Code signing is one of Apple's secret IQ qualifying tests for iOS developers. There are around 100 steps hidden in the documentation. If you miss one step you fail, and aren't qualified to do apps. If you actually read all the documentation needed and get all the steps right, you win this level of the game, and get to play the next level: app approval lottery.
No, because that seems to require that I have a device, which I don't have. At this point it's an issue of trust and accountability: Is Apple accountable when bizarre problems crop up? Do I trust that if I buy an iPad the black screen issue, which is due to their code, will be resolved somehow?
Rebooting the Mac and even updating the system software had no effect on the black screen issue.
I agree, it is an IQ test, wherein the intelligent thing would be to not code for iOS in the first place. And it's also a reverse IQ test, in which Apple's being tested for its intelligence in dealing with the coders on which it relies, but is failing.
Soon they'll be selling Kopi Luwak coffee beans as another "IQ test", where the "smartest" consumers will pay extra for fecal-covered beans.
Then why are you trying to build for release: the simulator performance is very different to the device.

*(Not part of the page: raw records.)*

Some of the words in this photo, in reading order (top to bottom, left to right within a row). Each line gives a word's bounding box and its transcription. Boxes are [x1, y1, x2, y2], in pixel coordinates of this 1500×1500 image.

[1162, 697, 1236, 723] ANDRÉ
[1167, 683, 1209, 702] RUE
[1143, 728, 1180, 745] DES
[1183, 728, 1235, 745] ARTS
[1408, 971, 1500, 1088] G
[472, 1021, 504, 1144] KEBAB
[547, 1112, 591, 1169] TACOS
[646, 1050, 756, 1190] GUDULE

It is not unknown for code that runs in the simulator to fail on a real iPhone entirely.
It's a data-entry type of program, not OpenGL or anything that requires performance testing. It would run just as well on a 50 MHz device as on a 500 MHz device.

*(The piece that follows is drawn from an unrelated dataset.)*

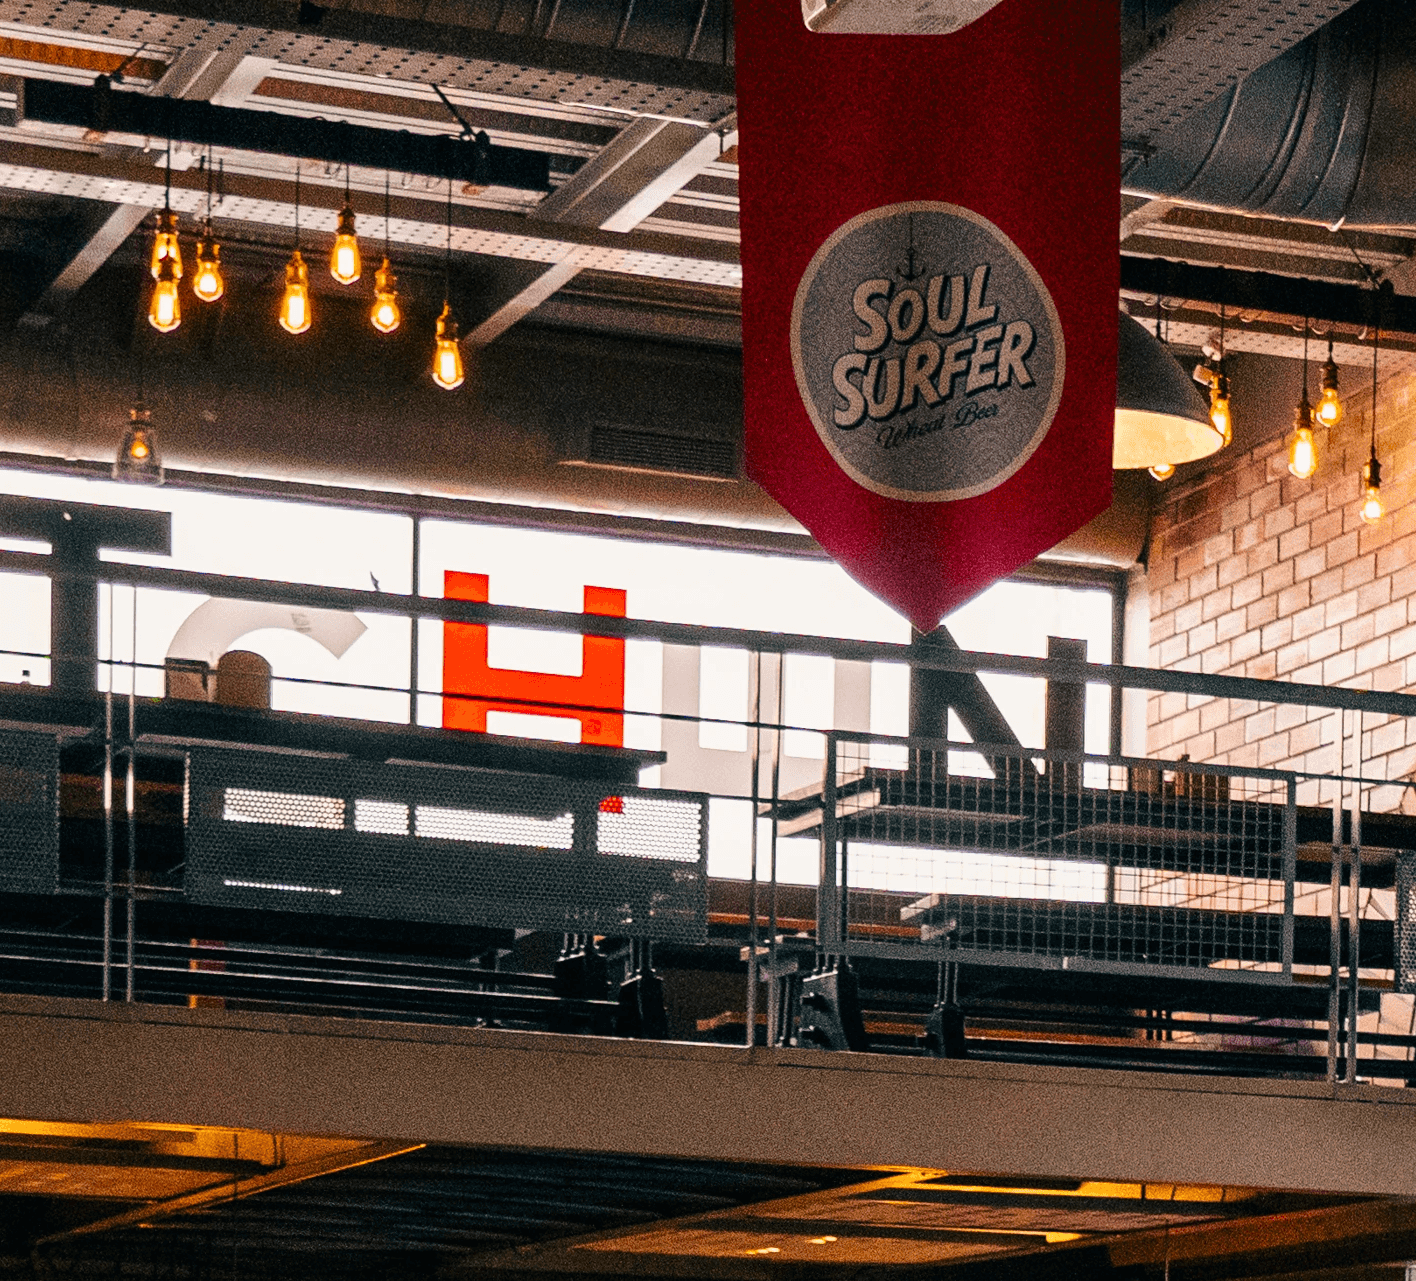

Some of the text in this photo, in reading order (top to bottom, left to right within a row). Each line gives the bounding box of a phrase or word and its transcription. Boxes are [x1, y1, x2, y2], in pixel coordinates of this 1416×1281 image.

[852, 264, 1000, 354] SOUL
[832, 320, 1037, 430] SURFER
[953, 401, 999, 429] Beer

That's a very vague statement. Can you cite an example situation?
Creating a distribution provisioning profile does not require any device ids.
It does here:
Wirelessly posted (Mozilla/5.0 (iPod; U; CPU iPhone OS 3_1_3 like Mac OS X; en-us) AppleWebKit/528.18 (KHTML, like Gecko) Version/4.0 Mobile/7E18 Safari/528.16)
Development != Distribution.
No, I wasn't.
If you want to create a development provisioning profile, you need to specify which devices. If you want to create a distribution provisioning profile, which is what is needed in order to submit an app to the App Store and the very thing I believe you created this thread for, then you don't need to specify any devices, since by it's very intention, it is meant to run on unknown devices.
And he was correct. A distribution profile, which is what you need to upload to the store, is not linked to any device ID. You on the other hand are, in my opinion, behaving in a manor that does not make me want to help you. You have removed the content of your posts in this thread which is exceptionally rude when people have responded to it and are now being antagonistic. I'll certainly not be bothering to attempt to help you any more.
Do you even understand the difference between a development provisioning profile and a distribution one?
They've already got over 48,000 active iOS devs with near 300K apps done. The numbers go up without any better "dealing". They don't need to rely on anyone who can't pass their bizarre imperfect test.
Diligence, intelligence, careful information (re)reading/searching skills, and politeness, all help.
Or you could try making money with Android/BB apps.